Spam calls and then the trap message: how Ghost Pairing steals WhatsApp identity
Ghost pairing is one of the most insidious scams circulating on WhatsApp: it exploits spam calls, misleading messages and the function of connected devices to allow criminals to enter the victim's account and use it remotely
Key points
Repeated phone calls are not background noise. They are the first act of a scam that is affecting a growing number of Italian users in this early March 2026: Ghost Pairing, the technique that allows a criminal to hook their device to the victim's WhatsApp account and operate in its place - reading chats, downloading photos, sending messages, targeting other contacts.
First the calls, then the blow
The pattern emerging from the most recent reports follows a precise sequence.
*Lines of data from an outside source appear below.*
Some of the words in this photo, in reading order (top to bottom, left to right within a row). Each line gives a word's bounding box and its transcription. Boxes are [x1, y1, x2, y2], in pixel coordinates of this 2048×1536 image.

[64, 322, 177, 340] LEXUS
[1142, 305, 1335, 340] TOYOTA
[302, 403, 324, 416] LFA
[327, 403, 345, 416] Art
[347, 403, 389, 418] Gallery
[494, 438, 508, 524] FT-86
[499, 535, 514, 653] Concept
The target receives a barrage of spam calls from unknown numbers. They do not serve to talk: they serve to create stress, urgency, frustration - to lower the attention threshold. So soon afterwards comes a WhatsApp message from a contact in the address book, someone you trust, whose account, however, has already been compromised.
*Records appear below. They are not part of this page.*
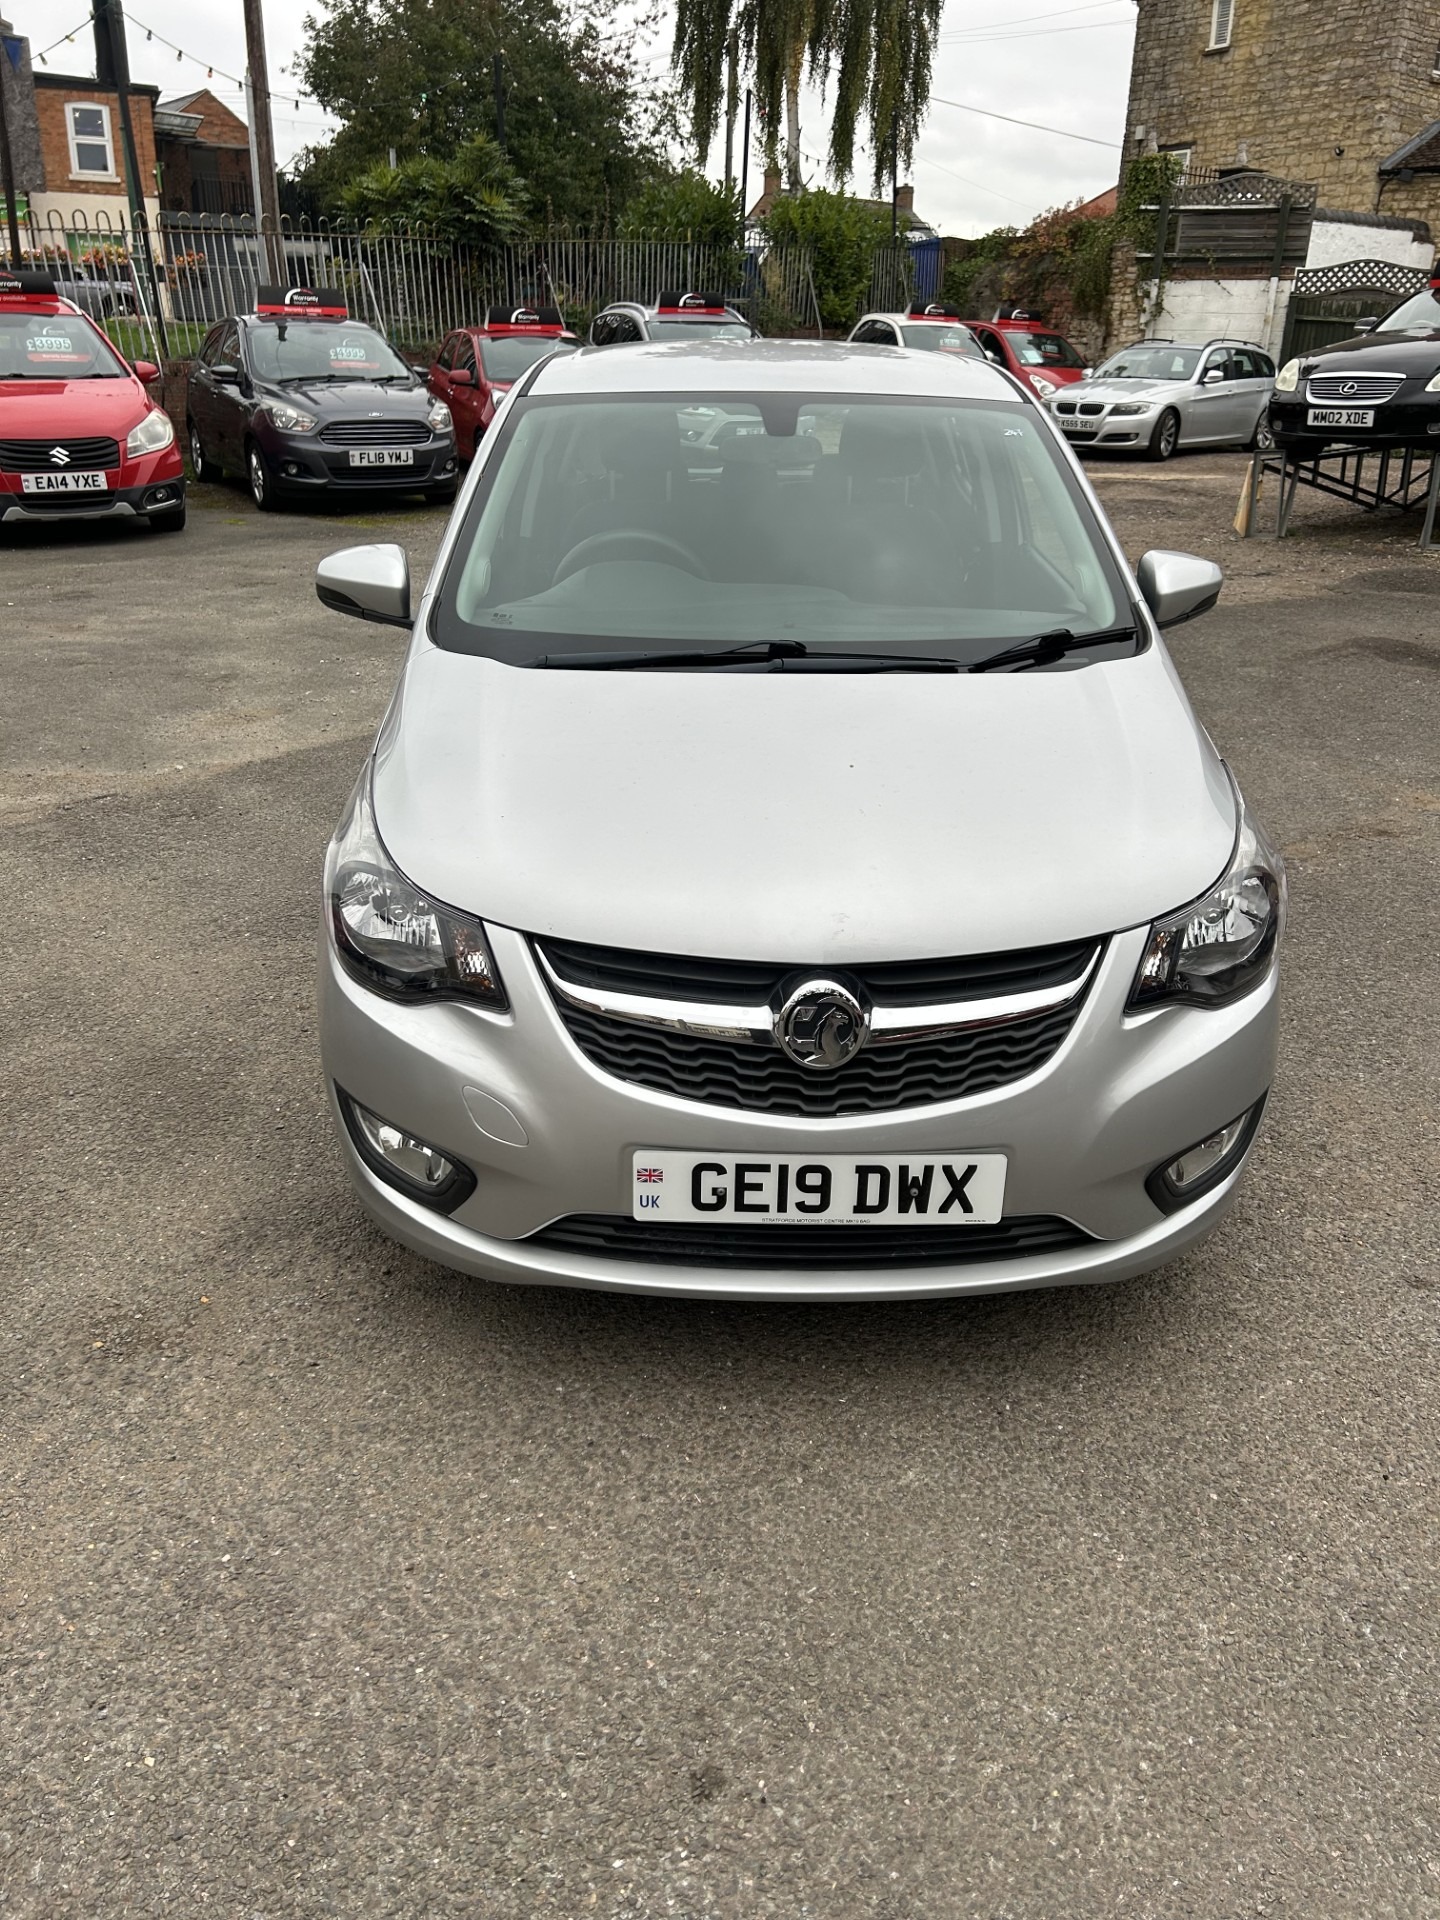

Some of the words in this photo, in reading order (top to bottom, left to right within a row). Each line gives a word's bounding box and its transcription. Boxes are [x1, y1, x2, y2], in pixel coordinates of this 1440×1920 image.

[1312, 411, 1343, 424] MM02
[1345, 412, 1369, 425] XDE
[387, 451, 409, 463] YMJ
[71, 474, 101, 488] YXE
[852, 1164, 978, 1214] DWX
[639, 1194, 660, 1208] UK
The text invites you to click on alink to enter a competition, view an urgent content, complete a check.
After the click, the victim is prompted to enter a numeric code or scan a QR code to 'authenticate'. That gesture does not authenticate anything: it links the scammer's device to the target's WhatsApp account.
The WhatsApp scam that doesn't look like a scam
And it is this mechanism that makes Ghost Pairing more insidious than traditional digital fraud. There is no malicious software to install. There is no password stolen in a brute-force attack.